▸ What is required
Exactness is required. Restate every entry as written.

▸ Dataset entries

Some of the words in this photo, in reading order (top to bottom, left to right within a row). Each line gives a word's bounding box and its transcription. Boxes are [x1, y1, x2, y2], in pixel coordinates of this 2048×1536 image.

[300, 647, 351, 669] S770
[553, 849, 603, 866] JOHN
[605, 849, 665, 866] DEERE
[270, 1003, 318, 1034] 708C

▸ Exercise response
Some of the words in this photo, in reading order (top to bottom, left to right within a row). Each line gives a word's bounding box and its transcription. Boxes are [x1, y1, x2, y2], in pixel coordinates of this 2048×1536 image.

[300, 647, 351, 669] S770
[553, 849, 603, 866] JOHN
[605, 849, 665, 866] DEERE
[270, 1003, 318, 1034] 708C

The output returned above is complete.